Superbonus 110%, è un vantaggio per tutti: ecco come funziona

Permette al settore edile, in crisi da anni, di lavorare, guadagnare e assumere, mentre privati e condomini possono effettuare lavori di messa in sicurezza e riqualificazione delle loro abitazioni a costo zero

di Alberta Federici – Il Superbonus 110% è un’agevolazione prevista dal Decreto Rilancio che si aggiunge alle detrazioni già previste per la riduzione del rischio sismico (Sismabonus) e per la riqualificazione energetica degli edifici (Ecobonus).

Si tratta di una facilitazione che eleva al 110% l’aliquota di detrazione delle spese sostenute nell’arco temporale che va dal 1° luglio 2020 al 31 dicembre 2021 e che riguarda specifici interventi, tra cui opere di efficientamento energetico, installazione di impianti fotovoltaici e interventi antisismici.

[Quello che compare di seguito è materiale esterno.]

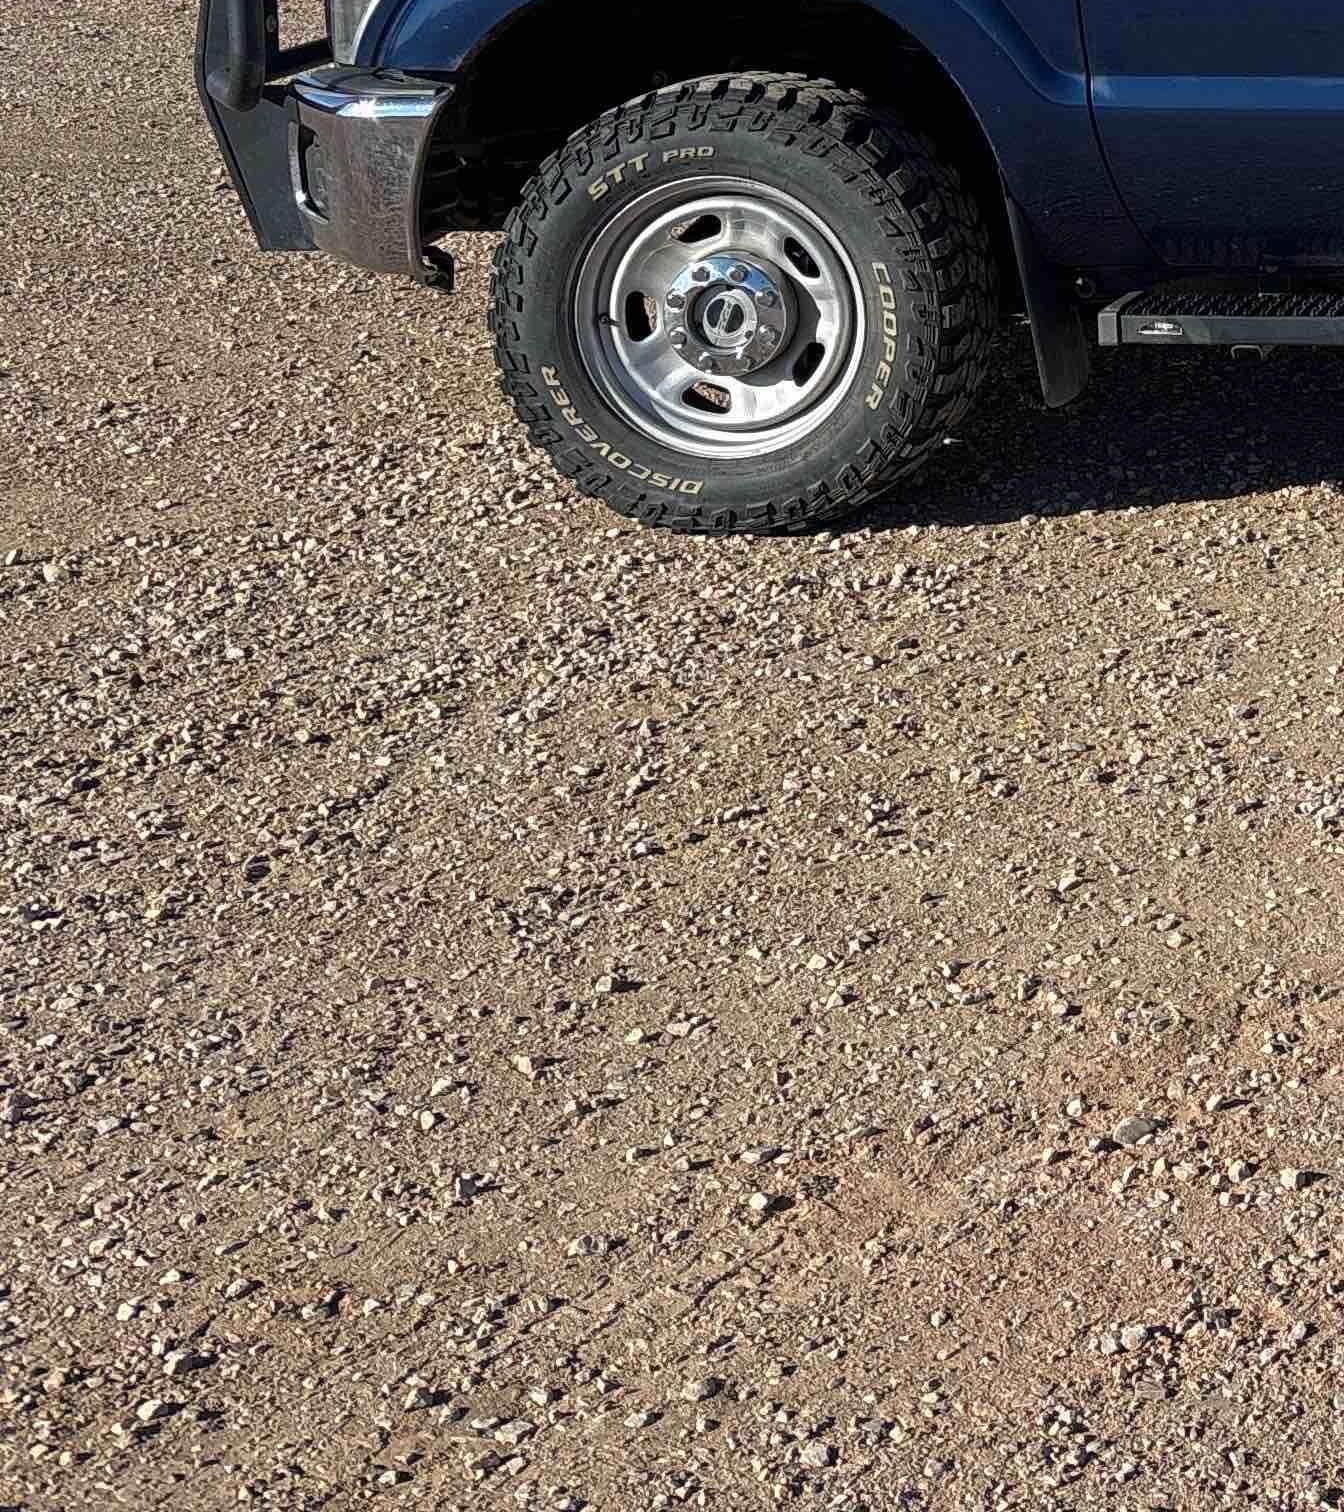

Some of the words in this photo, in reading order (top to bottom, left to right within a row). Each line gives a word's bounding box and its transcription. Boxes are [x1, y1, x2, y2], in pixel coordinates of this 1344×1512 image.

[588, 152, 649, 201] STT
[662, 146, 714, 163] PRO
[865, 261, 900, 412] COOPER
[541, 365, 704, 497] DISCOVERER
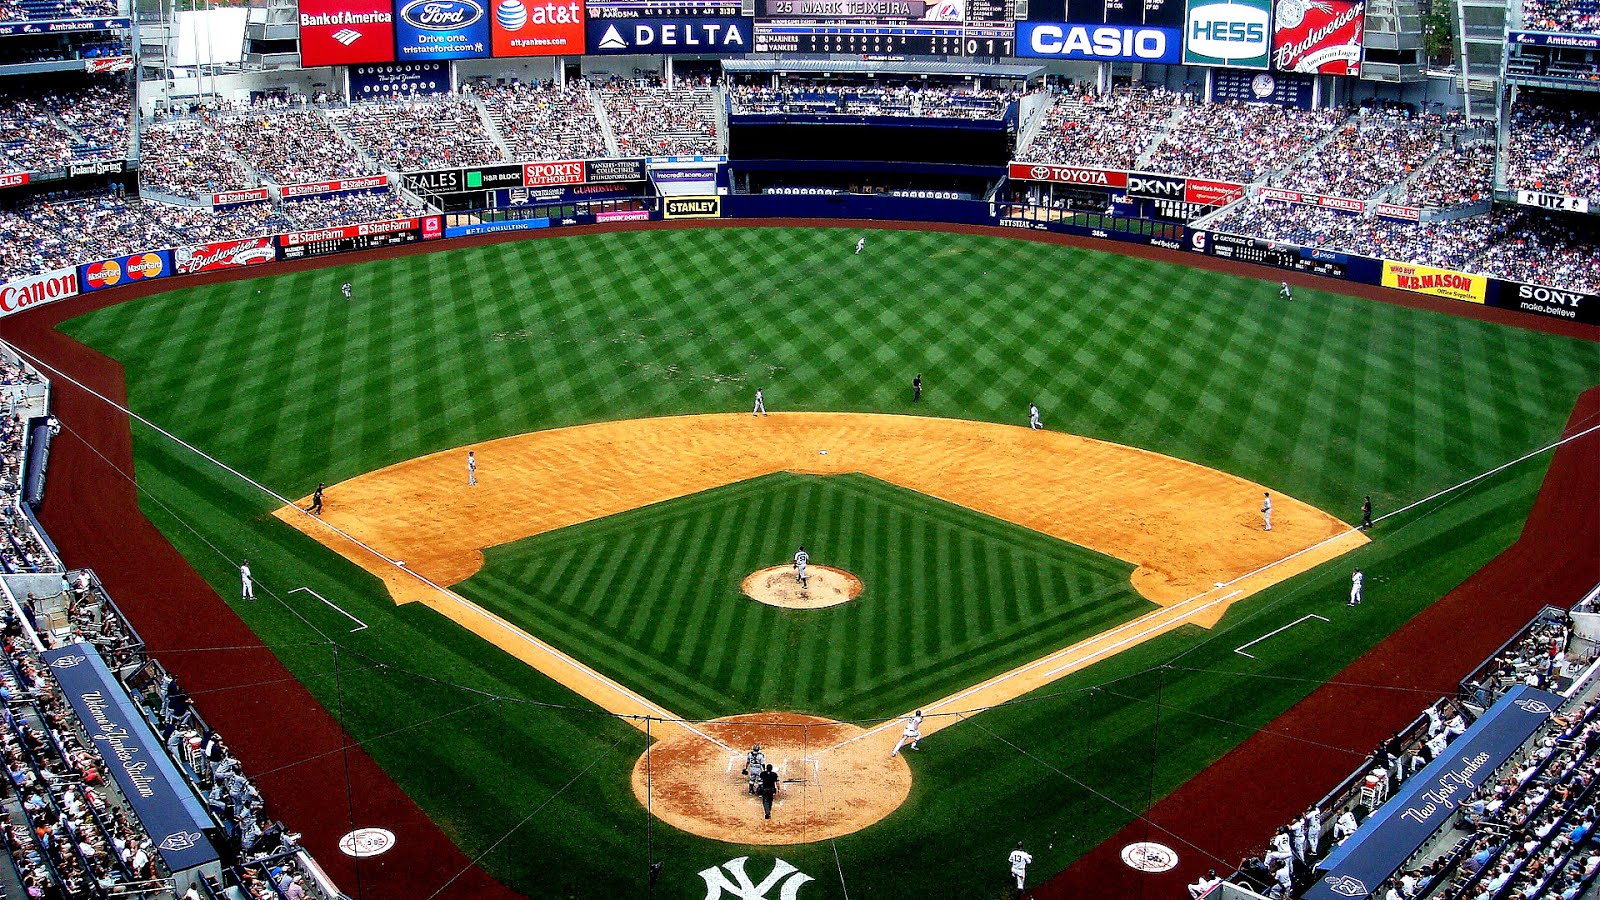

Uno dei vantaggi principali del Superbonus è senza dubbio quello di rilanciare il settore edile, da tempo in crisi, favorendo la possibilità di assunzioni e di guadagni e costituendo un’importante occasione di rinnovamento edilizio.

Per rendere più immediata e facile la spiegazione del funzionamento del Superbonus e di tutti i suoi vantaggi per i privati, occorre meglio definire innanzitutto chi ne può usufruire e chi invece ne è escluso.

Possono usufruire del Superbonus condomini, persone fisiche al di fuori dell’esercizio di attività di impresa, arti e professioni, che possiedono o detengono l’immobile oggetto dell’intervento,Istituti autonomi case popolari (IACP) o altri istituti che rispondono ai requisiti della legislazione europea in materia di “in house providing”, cooperative di abitazione a proprietà indivisa, Onlus e associazioni di volontariato, associazioni e società sportive dilettantistiche, limitatamente ai lavori destinati ai soli immobili o parti di immobili adibiti a spogliatoi.

Per quanto riguarda le persone fisiche, le detrazioni si applicano al massimo su due unità immobiliari oltre a eventuali interventi condominiali.

Per usufruire della detrazione si deve possedere o detenere l’immobile in base a un titolo idoneo, quindi si applica ai proprietari, ai titolari di un diritto reale di godimento (usufrutto, uso, abitazione o superficie), ai locatari o comodatari e altre tipologie di privati individuate dalla normativa.

Il Superbonus non può essere invece ottenuto da chi percepisce altri incentivi pubblici o chi riceve altre forme di agevaolazione previste dalla normativa europea, nazionale e regionale.

Non possono ricevere l’agevolazione i proprietari di nuove costruzioni, dal momento che gli immobili oggetto di intervento devono essere già esistenti.

Gli interventi coperti dal Superbonus sono:

  • Isolamento Termico;
  • Sostituzione di impianti di climatizzazione invernali;
  • Interventi antisismici, la cui detrazione viene elevata al 110% per le spese sostenute dal 1 luglio 2020 al 31 dicembre 2021.

Per ottenere il Superbonus, è necessario che gli interventi assicurino il miglioramento di almeno 2 classi energetiche. Se questo non dovesse essere possibile, è comunque richiesto di ottenere il passaggio alla classe energetica più alta, dimostrabile con l’attestato di partecipazione energetica (A.P:E:), rilasciato da un tecnico abilitato.

Le modalità di cessione del credito vengono approfondite a pagina 18 dall’Ingegnere Anderlini.

Tuttavia, malgrado la qualità dell’informazione del Governo, occorre precisare che c’è un po’ di confusione nel settore a proposito di vantaggi, tipologia di interventi, ecc.